La Commissione Antimafia sta vagliando le liste dei partiti per individuare eventuali candidati “impresentabili”. Il giudizio della commissione guidata da Rosy Bindi prende come base il Codice di autoregolamentazione dei partiti che prevede la non candidabilità sol per coloro che sono stati rinviati a giudizio per i reati di stampo mafioso (relativi al’articolo 416 bis del Codice penale) e per altri reati cosiddetti “spia”, come riciclaggio e autoriciclaggio, racket, usura, traffico di rifiuti e traffico di esseri umani. Ciò dunque non vuol dire che tutti gli altri siano “puliti”; semplicemente i reati di cui sono accusati non rientrano nelle categorie sopra elencate. Il documento stilato dall’Antimafia corrisponde a un semplice “parere”, quindi non ha natura vincolante ai fini delle candidature. Sulla questione è intervenuto immediatamente il Presidente del Consiglio e segretario del PD, Matteo Renzi, che ha affermato: “Nelle liste per le regionali il Partito democratico non ha alcun impresentabile, lo dico con grande chiarezza”.

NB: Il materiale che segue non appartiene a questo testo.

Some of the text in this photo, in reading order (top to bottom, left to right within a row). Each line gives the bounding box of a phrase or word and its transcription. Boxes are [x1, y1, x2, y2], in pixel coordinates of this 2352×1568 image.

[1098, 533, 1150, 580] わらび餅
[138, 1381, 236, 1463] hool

La lista ufficiale sarà presentata venerdì 29 maggio 2015. L’elenco si basa sul codice di autoregolamentazione per i partiti. L’antimafia ha quindi vagliato le candidature per fare, per la prima volta, una fotografia preventiva dei candidati alle elezioni e metterla a disposizione degli elettori. “La politica dovrebbe arrivare prima della magistratura a selezionare la propria classe dirigente”, ha osservato la presidente della Commissione parlamentare antimafia, Rosy Bindi.

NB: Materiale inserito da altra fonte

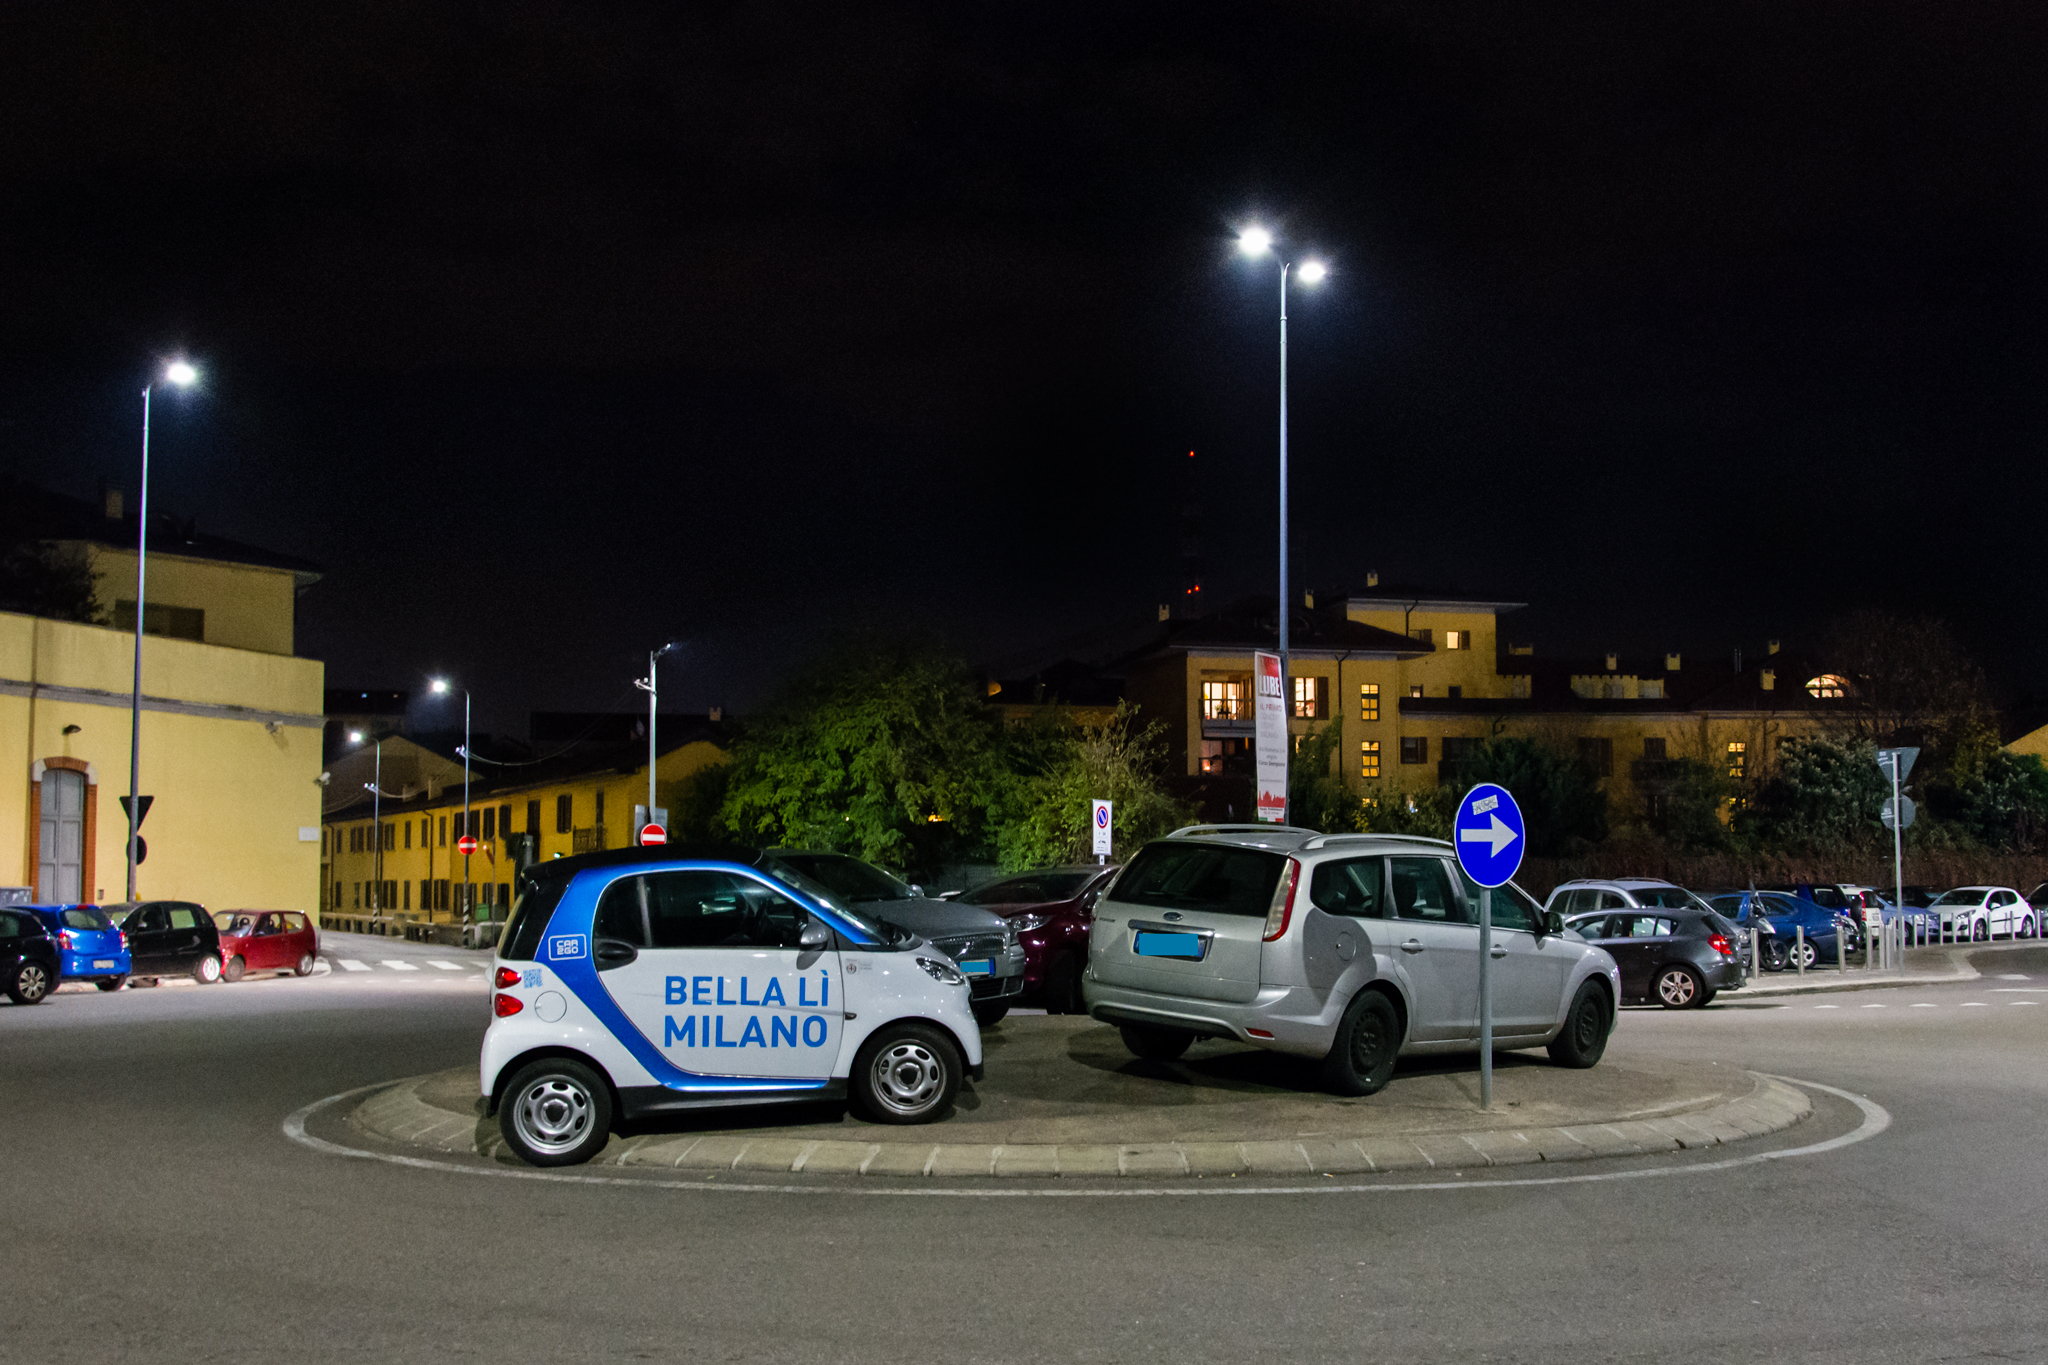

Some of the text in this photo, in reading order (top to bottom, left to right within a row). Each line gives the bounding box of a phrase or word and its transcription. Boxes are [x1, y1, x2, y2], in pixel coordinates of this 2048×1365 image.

Il deputato M5S D’Uva, dell’Ufficio di presidenza dell’Antimafia sottolinea che venerdì, quando verrà pubblicata la lista integrale degli impresentabili, si arriverà fuori tempo massimo, a causa del “silenzio elettorale”.

Situazione in Puglia. I quattro candidati in Puglia segnalati dalla Commissione Antimafia come impresentabili sono: Giovanni Copertino (Forza Italia, circoscrizione Bari); Fabio Ladisa (Popolari per Emiliano, circoscrizione Bari); Massimiliano Oggiano (Oltre con Fitto, Schitulli presidente, circoscrizione Brindisi) e Enzo Palmisano (Movimento politico per Schitulli, area popolare, circoscrizione Brindisi).

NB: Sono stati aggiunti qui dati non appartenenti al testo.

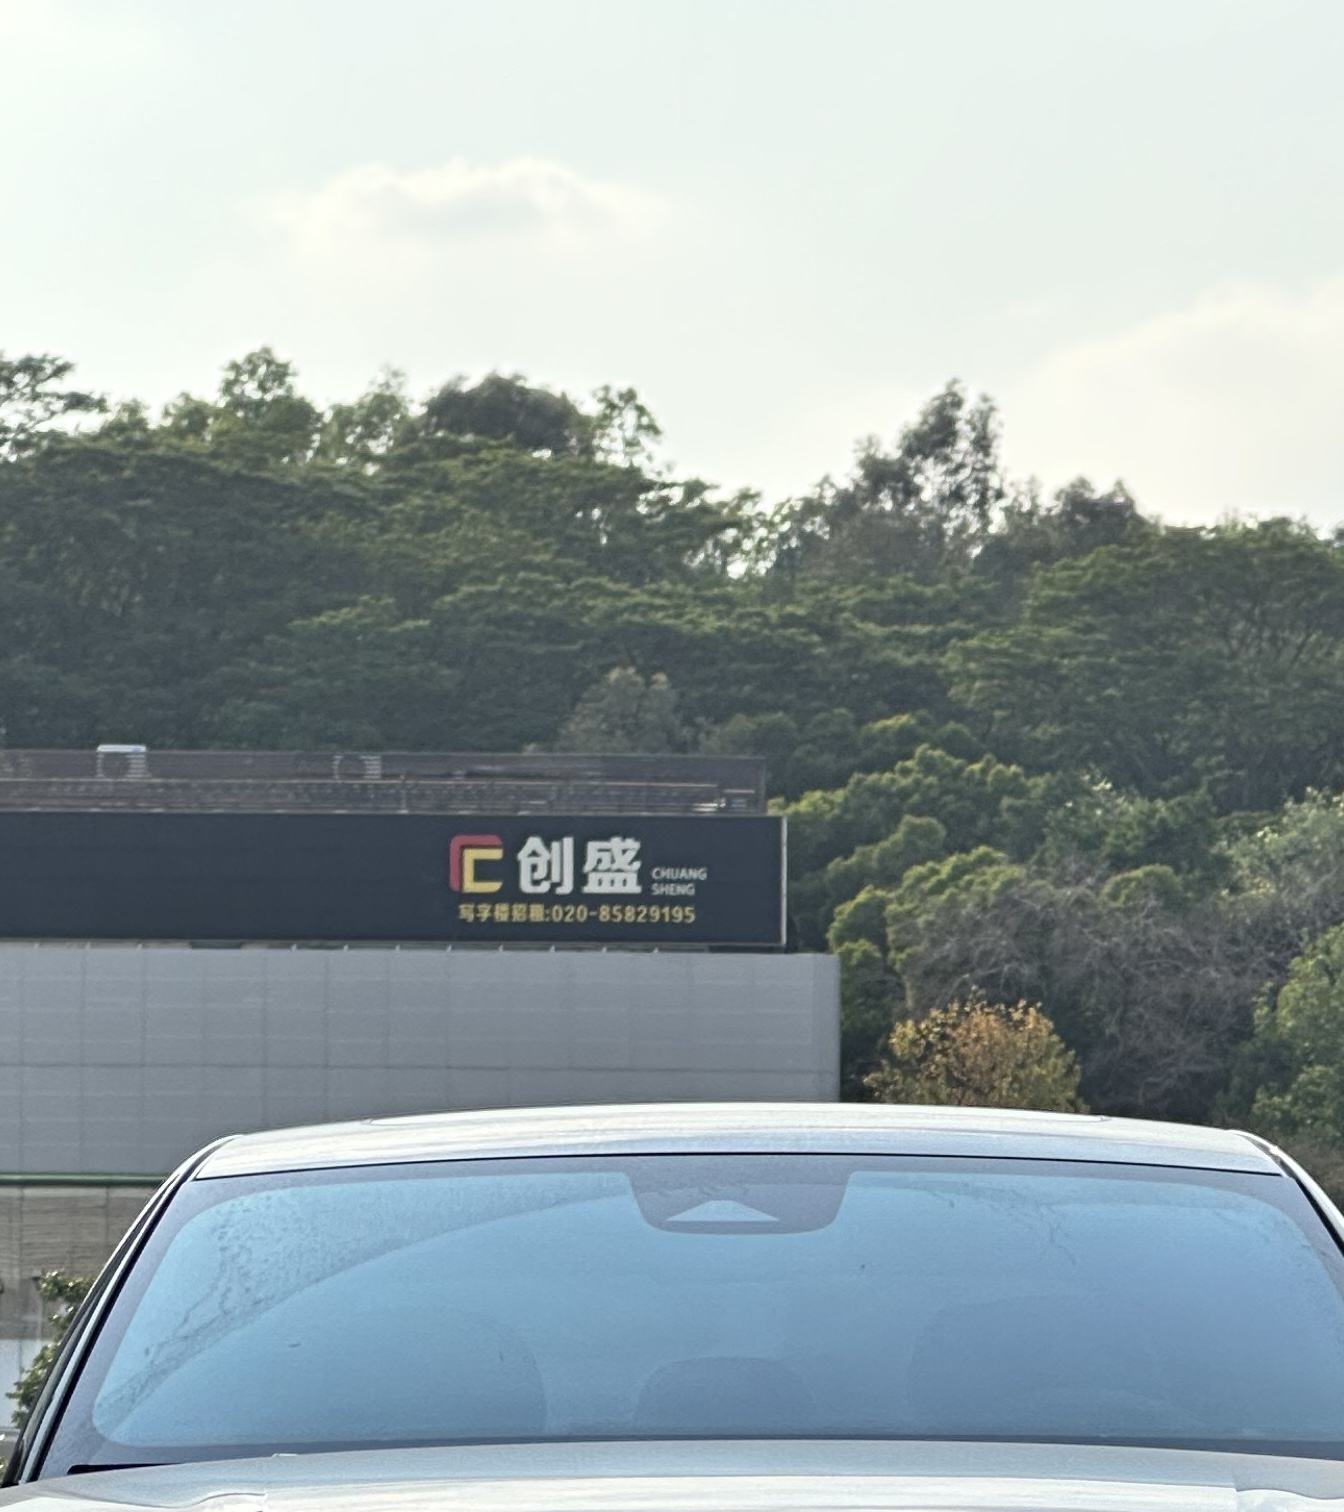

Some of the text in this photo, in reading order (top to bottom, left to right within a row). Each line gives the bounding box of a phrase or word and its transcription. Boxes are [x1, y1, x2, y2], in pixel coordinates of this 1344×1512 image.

[517, 836, 642, 895] 创盛
[651, 867, 707, 880] CHUANG
[651, 883, 695, 895] SHENG
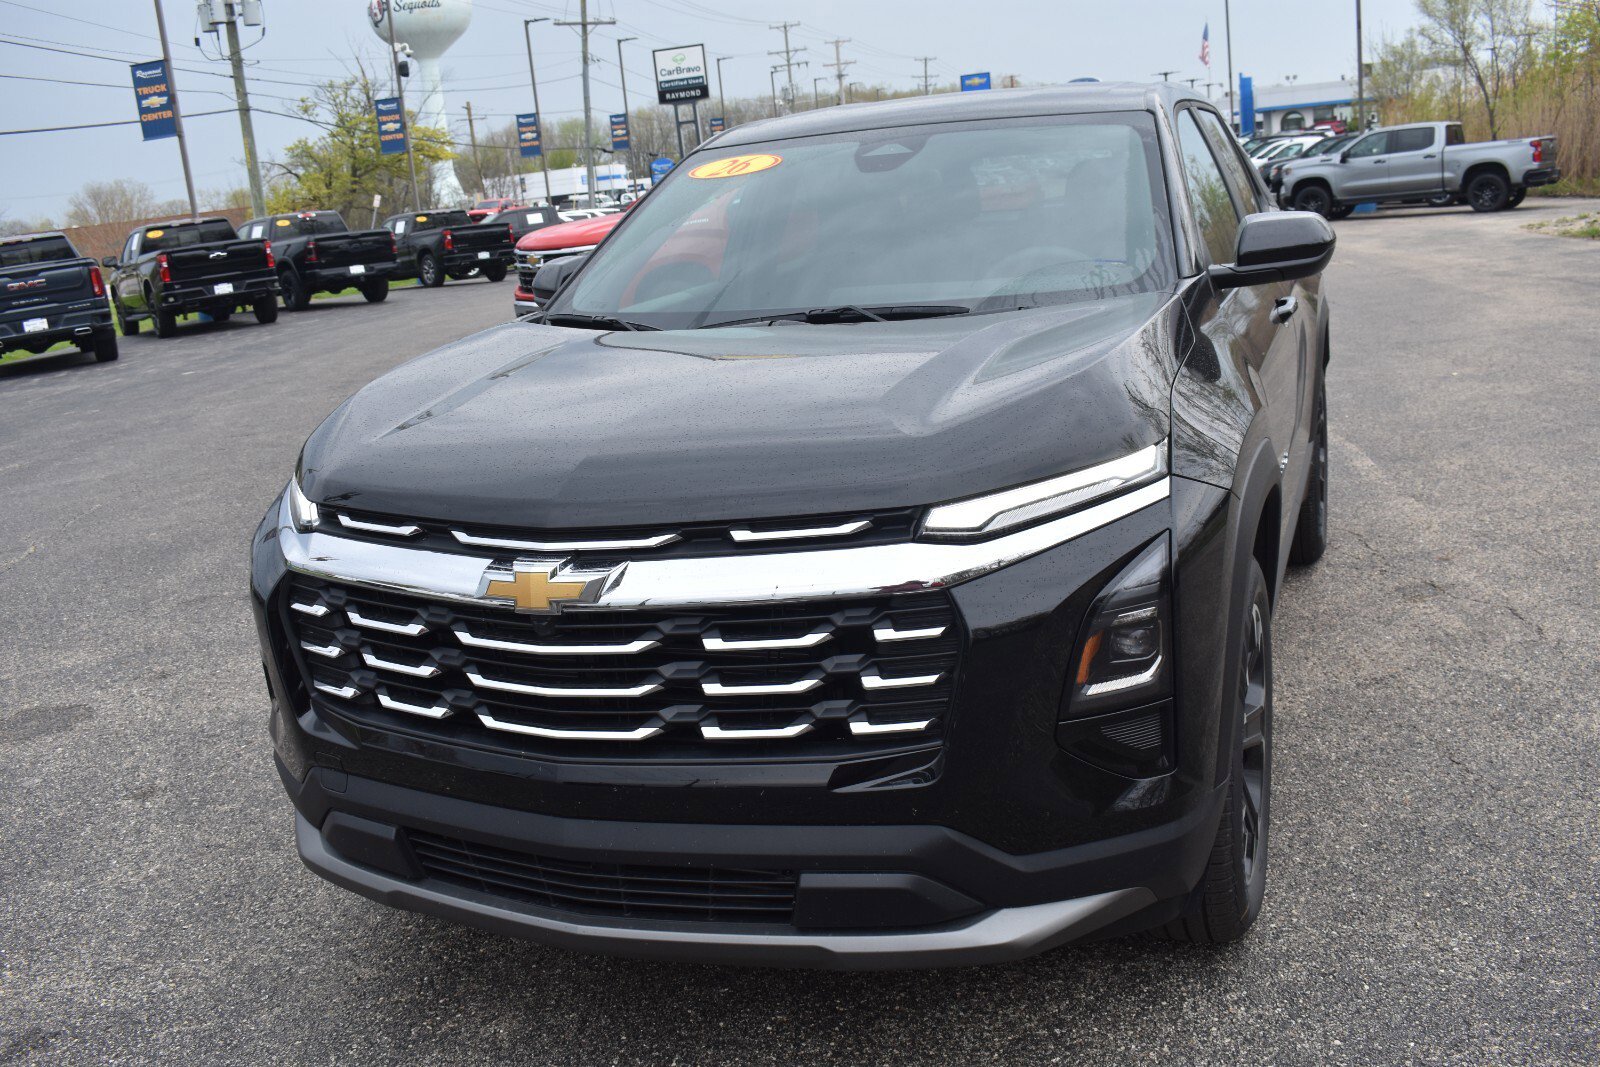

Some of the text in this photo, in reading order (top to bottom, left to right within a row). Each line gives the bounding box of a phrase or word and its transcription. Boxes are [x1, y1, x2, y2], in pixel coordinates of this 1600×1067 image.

[660, 65, 701, 77] CarBravo
[137, 83, 167, 96] TRUCK
[661, 80, 688, 88] Certified
[665, 89, 701, 100] RAYMOND
[141, 110, 173, 122] CENTER
[378, 114, 400, 122] TRUCK
[380, 133, 404, 141] CENTER

Fabio Ladisa, imprenditore candidato con la lista Popolari con Emiliano in appoggio al candidato del PD. Ladisa è rinviato a giudizio per furto aggravato, tentata estorsione (e altro), commessi nel 2011, con udienza fissata per il 3 dicembre 2015.

Gli altri tre sarebbero tutti di area fittiana (che candida Schittulli alla presidenza):
Massimiliano Oggiano, commercialista, nella lista “Oltre con Fitto” nella circoscrizione di Brindisi, è accusato di associazione e voto di scambio con metodo mafioso; Enzo Palmisano anche lui accusato per voto di scambio (prescritto), e candidato nelle liste di Area popolare a Brindisi e Giovanni Copertino, candidato con Forza Italia nel collegio di Bari a sostegno di Adriana Poli Bortone, accusato di voto di scambio (poi prescritto).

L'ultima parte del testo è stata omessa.